## Input for this task
%%

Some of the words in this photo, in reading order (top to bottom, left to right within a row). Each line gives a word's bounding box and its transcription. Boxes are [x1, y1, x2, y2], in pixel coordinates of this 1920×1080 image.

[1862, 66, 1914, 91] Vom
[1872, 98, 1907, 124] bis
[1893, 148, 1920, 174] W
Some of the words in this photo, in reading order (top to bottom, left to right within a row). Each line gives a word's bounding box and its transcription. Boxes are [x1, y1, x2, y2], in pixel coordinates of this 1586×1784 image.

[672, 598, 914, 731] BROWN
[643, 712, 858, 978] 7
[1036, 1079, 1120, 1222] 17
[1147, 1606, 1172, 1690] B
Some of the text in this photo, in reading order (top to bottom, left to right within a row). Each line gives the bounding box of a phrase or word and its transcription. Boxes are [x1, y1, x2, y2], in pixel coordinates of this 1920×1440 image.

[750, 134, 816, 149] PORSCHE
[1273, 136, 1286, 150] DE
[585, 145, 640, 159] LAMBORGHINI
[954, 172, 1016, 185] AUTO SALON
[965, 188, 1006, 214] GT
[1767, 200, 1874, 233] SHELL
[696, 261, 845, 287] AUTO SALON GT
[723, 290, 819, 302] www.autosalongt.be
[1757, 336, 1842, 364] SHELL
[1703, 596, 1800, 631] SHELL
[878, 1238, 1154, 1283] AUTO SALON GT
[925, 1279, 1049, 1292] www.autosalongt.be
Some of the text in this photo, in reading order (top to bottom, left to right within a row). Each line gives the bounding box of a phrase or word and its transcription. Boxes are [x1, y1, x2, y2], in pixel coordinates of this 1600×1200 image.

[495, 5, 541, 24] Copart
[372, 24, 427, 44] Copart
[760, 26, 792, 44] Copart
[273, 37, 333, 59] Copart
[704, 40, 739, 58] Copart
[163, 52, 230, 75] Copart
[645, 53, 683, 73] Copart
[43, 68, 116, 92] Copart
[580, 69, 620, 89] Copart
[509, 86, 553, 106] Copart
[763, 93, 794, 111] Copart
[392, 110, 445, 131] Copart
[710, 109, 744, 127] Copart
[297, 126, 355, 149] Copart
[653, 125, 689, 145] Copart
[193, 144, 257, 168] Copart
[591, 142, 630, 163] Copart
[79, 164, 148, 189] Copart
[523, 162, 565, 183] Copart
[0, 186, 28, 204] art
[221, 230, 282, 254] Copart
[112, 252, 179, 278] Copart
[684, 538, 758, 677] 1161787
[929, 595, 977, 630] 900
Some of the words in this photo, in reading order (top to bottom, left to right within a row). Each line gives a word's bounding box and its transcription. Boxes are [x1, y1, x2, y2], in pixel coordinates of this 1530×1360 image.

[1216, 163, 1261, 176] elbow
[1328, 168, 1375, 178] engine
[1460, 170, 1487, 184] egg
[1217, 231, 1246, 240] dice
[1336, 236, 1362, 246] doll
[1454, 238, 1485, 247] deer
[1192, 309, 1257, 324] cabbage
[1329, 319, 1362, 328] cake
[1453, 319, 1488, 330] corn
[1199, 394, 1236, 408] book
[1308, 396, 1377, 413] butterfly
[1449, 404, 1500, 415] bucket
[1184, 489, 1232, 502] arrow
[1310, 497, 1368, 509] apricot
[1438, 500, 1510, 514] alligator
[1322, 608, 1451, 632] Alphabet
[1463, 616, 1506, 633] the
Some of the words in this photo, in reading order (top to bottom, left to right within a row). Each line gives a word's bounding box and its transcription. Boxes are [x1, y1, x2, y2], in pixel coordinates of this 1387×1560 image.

%%

## Task brief
Reproduce each entry in the listing character for character.

## Your solution
Some of the words in this photo, in reading order (top to bottom, left to right within a row). Each line gives a word's bounding box and its transcription. Boxes are [x1, y1, x2, y2], in pixel coordinates of this 1920×1080 image.

[1862, 66, 1914, 91] Vom
[1872, 98, 1907, 124] bis
[1893, 148, 1920, 174] W
Some of the words in this photo, in reading order (top to bottom, left to right within a row). Each line gives a word's bounding box and its transcription. Boxes are [x1, y1, x2, y2], in pixel coordinates of this 1586×1784 image.

[672, 598, 914, 731] BROWN
[643, 712, 858, 978] 7
[1036, 1079, 1120, 1222] 17
[1147, 1606, 1172, 1690] B
Some of the text in this photo, in reading order (top to bottom, left to right within a row). Each line gives the bounding box of a phrase or word and its transcription. Boxes are [x1, y1, x2, y2], in pixel coordinates of this 1920×1440 image.

[750, 134, 816, 149] PORSCHE
[1273, 136, 1286, 150] DE
[585, 145, 640, 159] LAMBORGHINI
[954, 172, 1016, 185] AUTO SALON
[965, 188, 1006, 214] GT
[1767, 200, 1874, 233] SHELL
[696, 261, 845, 287] AUTO SALON GT
[723, 290, 819, 302] www.autosalongt.be
[1757, 336, 1842, 364] SHELL
[1703, 596, 1800, 631] SHELL
[878, 1238, 1154, 1283] AUTO SALON GT
[925, 1279, 1049, 1292] www.autosalongt.be
Some of the text in this photo, in reading order (top to bottom, left to right within a row). Each line gives the bounding box of a phrase or word and its transcription. Boxes are [x1, y1, x2, y2], in pixel coordinates of this 1600×1200 image.

[495, 5, 541, 24] Copart
[372, 24, 427, 44] Copart
[760, 26, 792, 44] Copart
[273, 37, 333, 59] Copart
[704, 40, 739, 58] Copart
[163, 52, 230, 75] Copart
[645, 53, 683, 73] Copart
[43, 68, 116, 92] Copart
[580, 69, 620, 89] Copart
[509, 86, 553, 106] Copart
[763, 93, 794, 111] Copart
[392, 110, 445, 131] Copart
[710, 109, 744, 127] Copart
[297, 126, 355, 149] Copart
[653, 125, 689, 145] Copart
[193, 144, 257, 168] Copart
[591, 142, 630, 163] Copart
[79, 164, 148, 189] Copart
[523, 162, 565, 183] Copart
[0, 186, 28, 204] art
[221, 230, 282, 254] Copart
[112, 252, 179, 278] Copart
[684, 538, 758, 677] 1161787
[929, 595, 977, 630] 900
Some of the words in this photo, in reading order (top to bottom, left to right within a row). Each line gives a word's bounding box and its transcription. Boxes are [x1, y1, x2, y2], in pixel coordinates of this 1530×1360 image.

[1216, 163, 1261, 176] elbow
[1328, 168, 1375, 178] engine
[1460, 170, 1487, 184] egg
[1217, 231, 1246, 240] dice
[1336, 236, 1362, 246] doll
[1454, 238, 1485, 247] deer
[1192, 309, 1257, 324] cabbage
[1329, 319, 1362, 328] cake
[1453, 319, 1488, 330] corn
[1199, 394, 1236, 408] book
[1308, 396, 1377, 413] butterfly
[1449, 404, 1500, 415] bucket
[1184, 489, 1232, 502] arrow
[1310, 497, 1368, 509] apricot
[1438, 500, 1510, 514] alligator
[1322, 608, 1451, 632] Alphabet
[1463, 616, 1506, 633] the
Some of the words in this photo, in reading order (top to bottom, left to right within a row). Each line gives a word's bounding box and its transcription. Boxes are [x1, y1, x2, y2], in pixel coordinates of this 1387×1560 image.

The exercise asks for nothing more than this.